Students take challenging class assignment to the wall

Steven Schultz

Princeton NJ -- By the time he finished teaching the class "History of the Earth" last fall, geoscientist Hans-Peter Bunge had begun to see his own research in a new way -- quite literally.

As a class project, junior Aaron Sarfatti and senior Michael Newman converted Bunge's mathematical models of heat flow in the Earth into a vivid visual simulation on the 18-foot-wide display wall in the Frist Campus Center.

*From left, Michae Newman, Hans-Peter Bunge and Aaron Sarfatti talk in fron the the Frist Campus Center display wall, which provides a vivid picture of their work


Far more than just a pretty picture, said Bunge, the visualization represents an important proof-of-concept for scientists in all disciplines who, after taking advantage of increasingly powerful computers, face the problem of how to sort through and view the important elements of their data.

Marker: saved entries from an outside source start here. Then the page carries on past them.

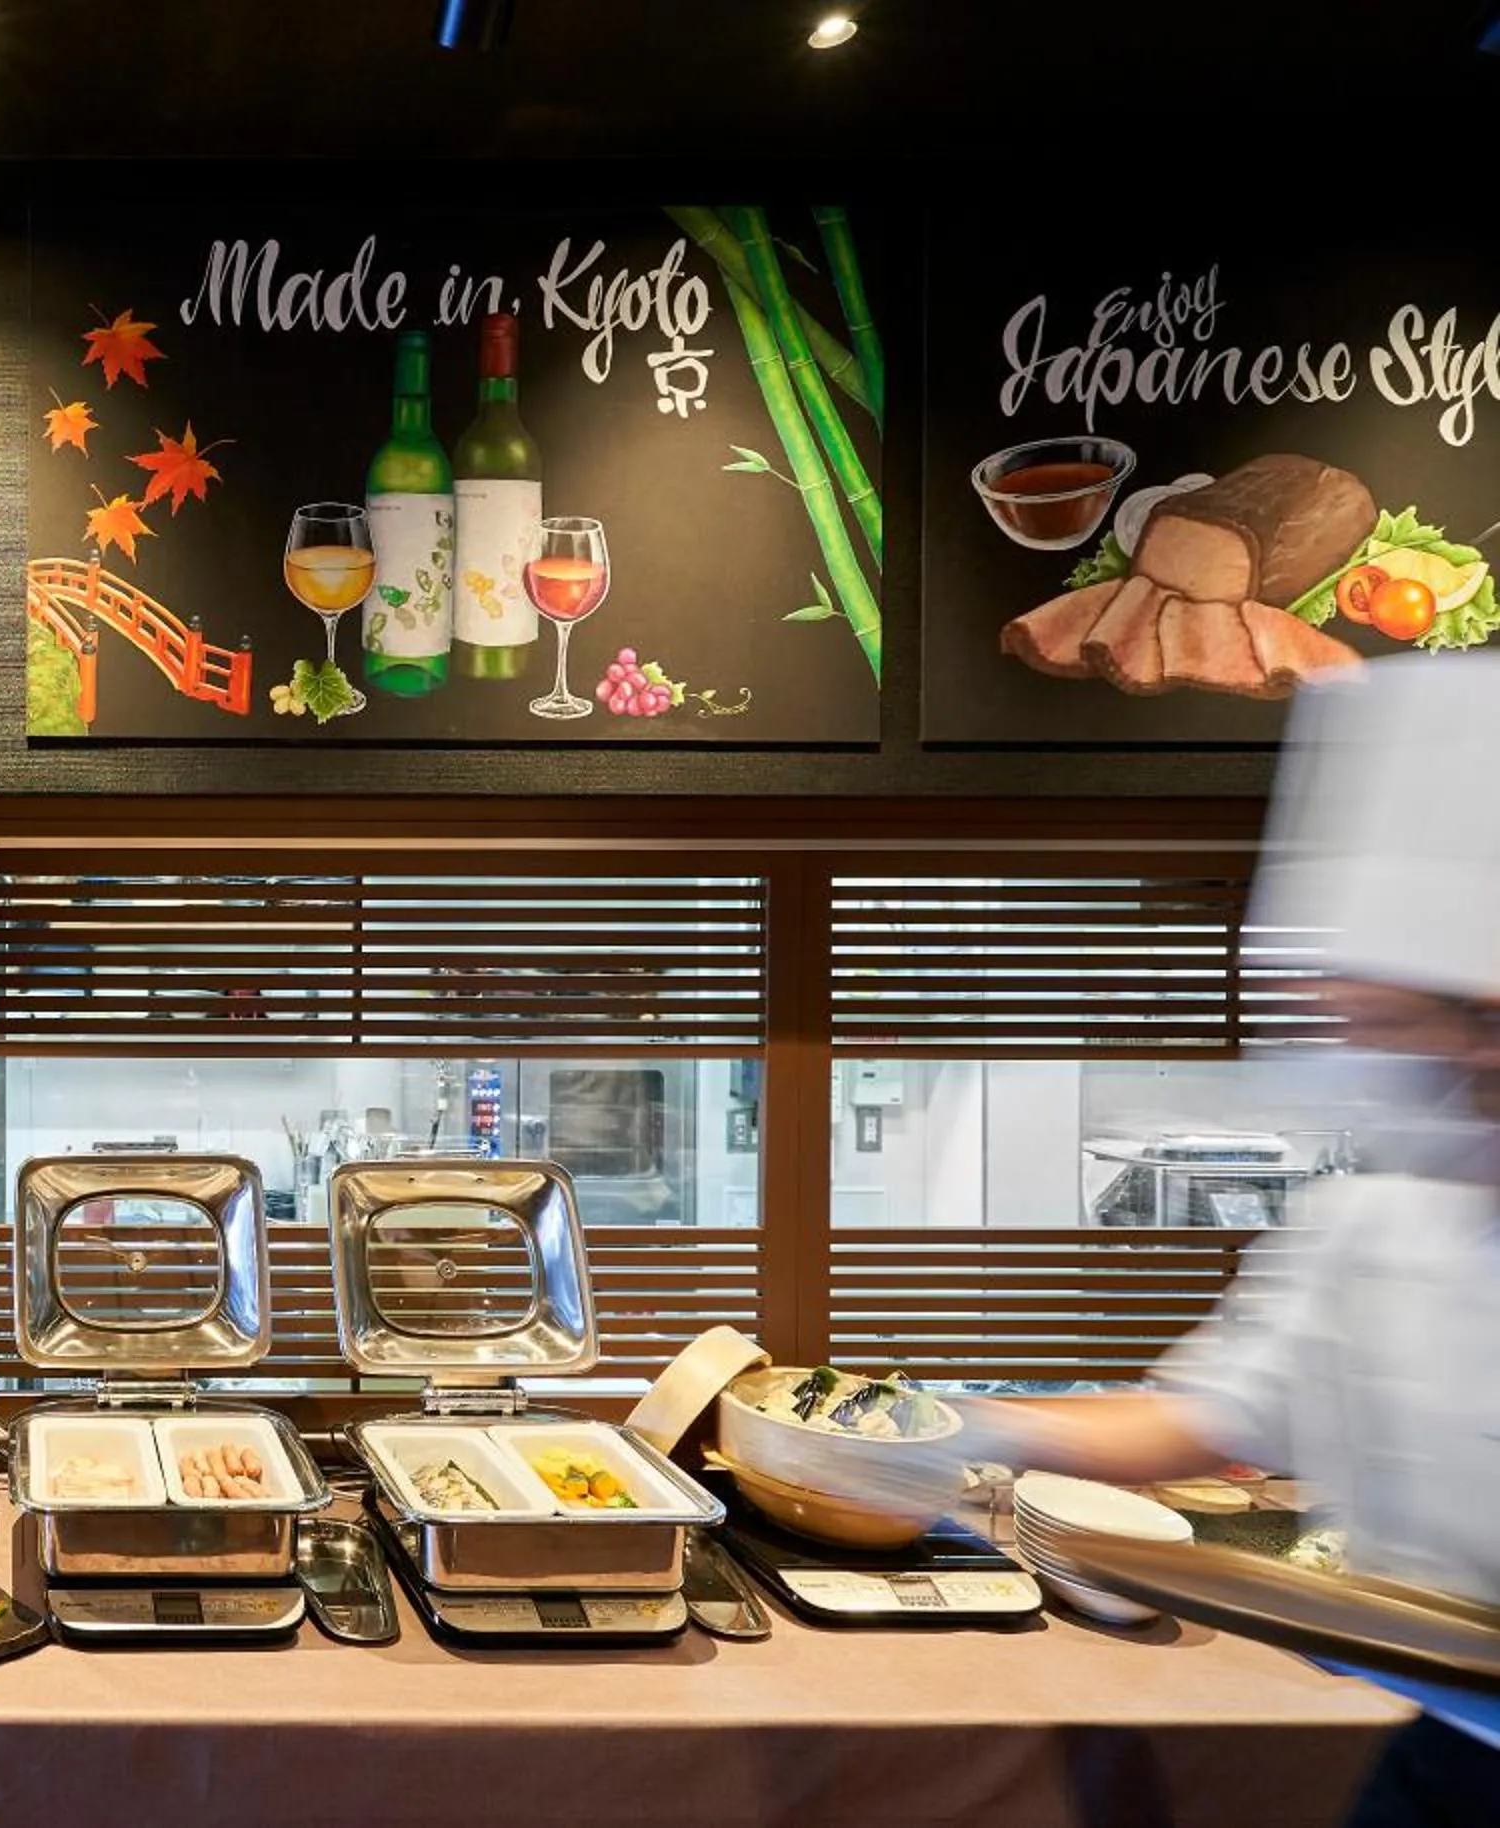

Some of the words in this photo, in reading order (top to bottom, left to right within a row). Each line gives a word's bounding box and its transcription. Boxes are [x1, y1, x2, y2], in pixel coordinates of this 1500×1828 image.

[180, 234, 408, 332] Made
[433, 263, 521, 327] in
[536, 236, 714, 384] Kyoto
[1088, 263, 1226, 350] Enjoy
[646, 334, 714, 419] 京
[1000, 294, 1357, 433] Japanese

"The solution that Aaron and Michael came up with is really quite remarkable," said Bunge, an assistant professor of geosciences.

In his research, Bunge uses a supercomputer to study how heat flows from Earth's core into the crust, driving everything from continental drift to the formation of volcanoes. The simulation allows him to explore and tinker with processes that, in the real Earth, take tens of millions of years. The results are so complex, however, that no ordinary computer monitor can display all the data at once.

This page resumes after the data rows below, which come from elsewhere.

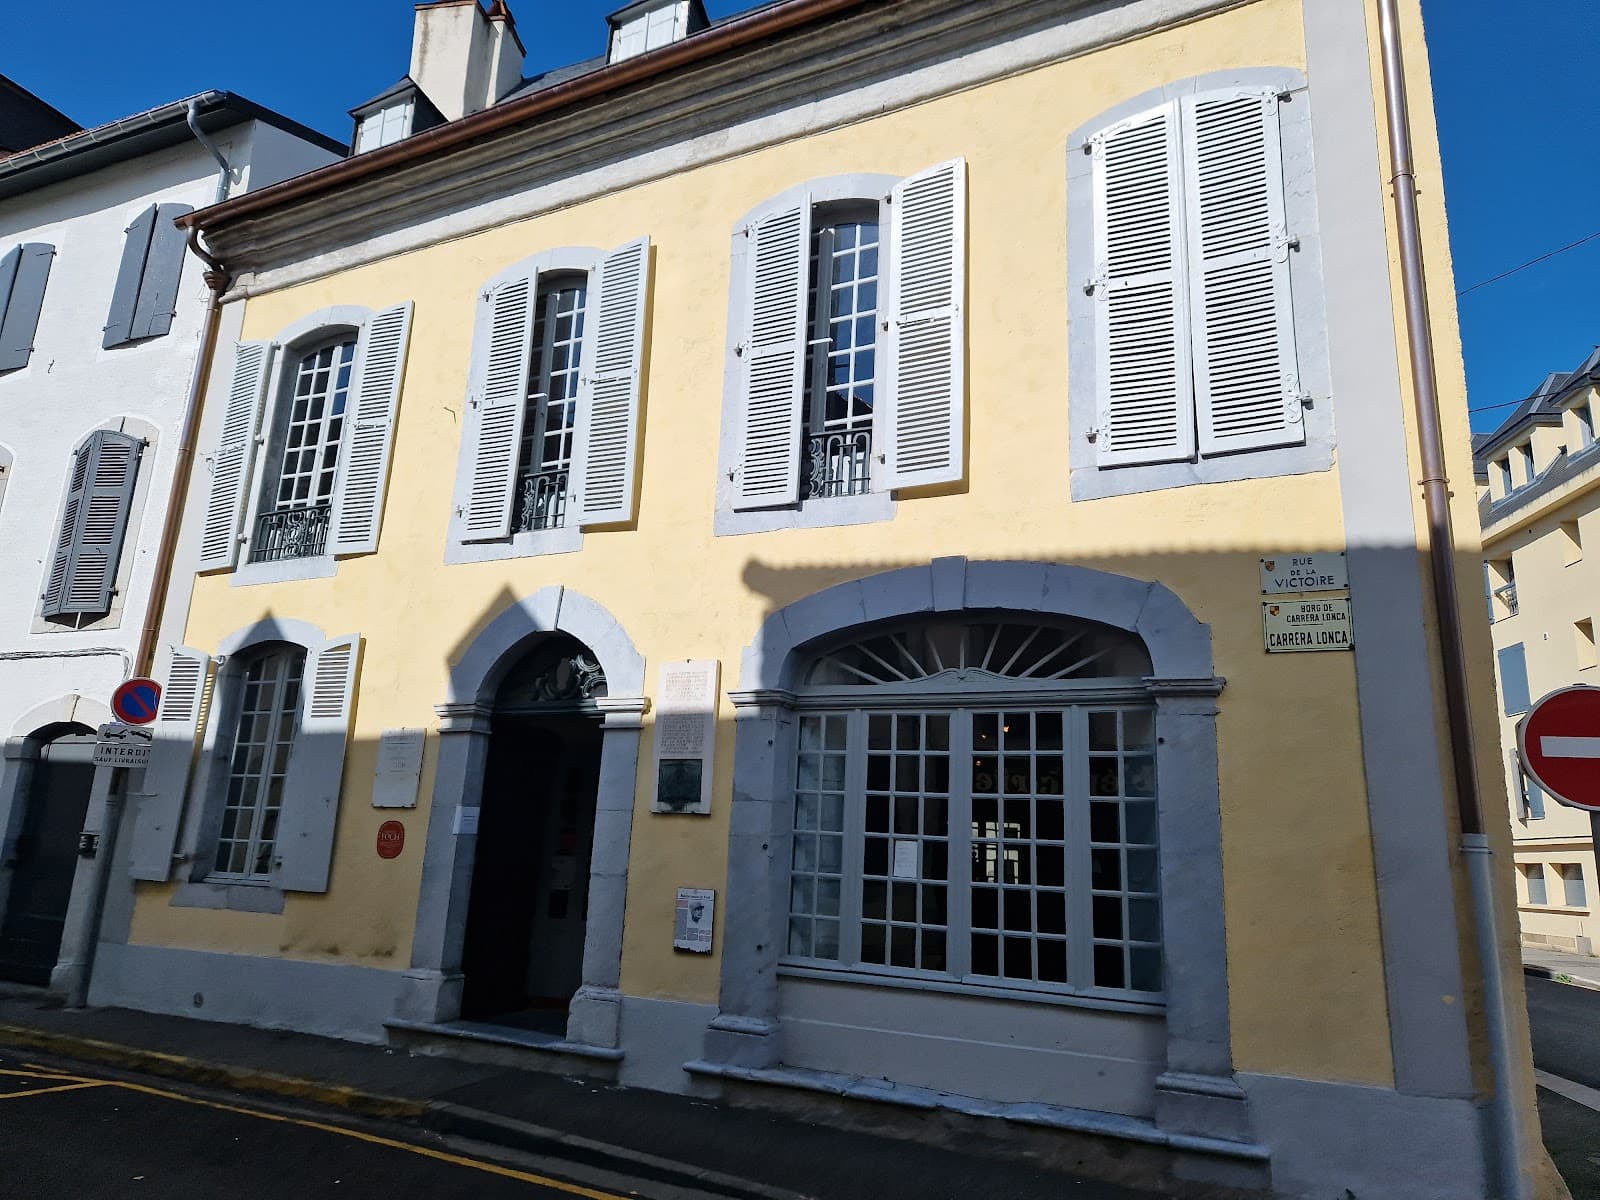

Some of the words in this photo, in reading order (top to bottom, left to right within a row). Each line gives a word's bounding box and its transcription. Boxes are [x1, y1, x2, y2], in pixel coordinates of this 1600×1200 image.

[1292, 557, 1313, 566] RUE
[1275, 575, 1335, 588] VICTOIRE
[1301, 604, 1321, 613] BORG
[1323, 603, 1333, 612] DE
[1316, 630, 1348, 645] LONCA

The Frist display wall, itself driven by a supercomputing cluster made of eight ordinary PCs, offers the opportunity to show exquisitely detailed images over a very large area. The wall, said Bunge, engages yet another remarkable computer -- the human brain. "At these scales, when the number of data points becomes so large, you can only understand it by using your brain as a visual information processor," said Bunge.

In the students' visualization, the Earth appears in two cut-away views with different colors representing different temperature zones. As the simulation runs, plumes of heat rise from the core and emerge from the surface. About 100 million years pass in 10 minutes. Sarfatti and Newman filled part of the screen with interesting facts and background taken from the class.

Translating his simulations to the display wall computers posed many technical challenges for the students, said Bunge. "They have done an independent research project that is, by any comparison, state of the art," he said.

For Sarfatti and Newman, the project started as a way to avoid the final paper for the course, which Bunge co-teaches with Professor of Geosciences Michael Bender. "We probably replaced a few hours of work with a few hundred," said Newman.

Sarfatti, a computer science major, said his interest grew out of a brief mention that Bunge made of his research during the class. It has now spawned two more projects involving four other students, including his junior independent research. In one project, he helped accelerate Bunge's original simulation; in the other, he helped develop a user-friendly interface that could assist other scientists in applying the visualization technique to their own data.

"It was a great progression from one little meeting after class," said Sarfatti. "I almost feel like I have a 'mini-grad-student' role." Now he hopes to develop his work with Bunge into next year's senior thesis.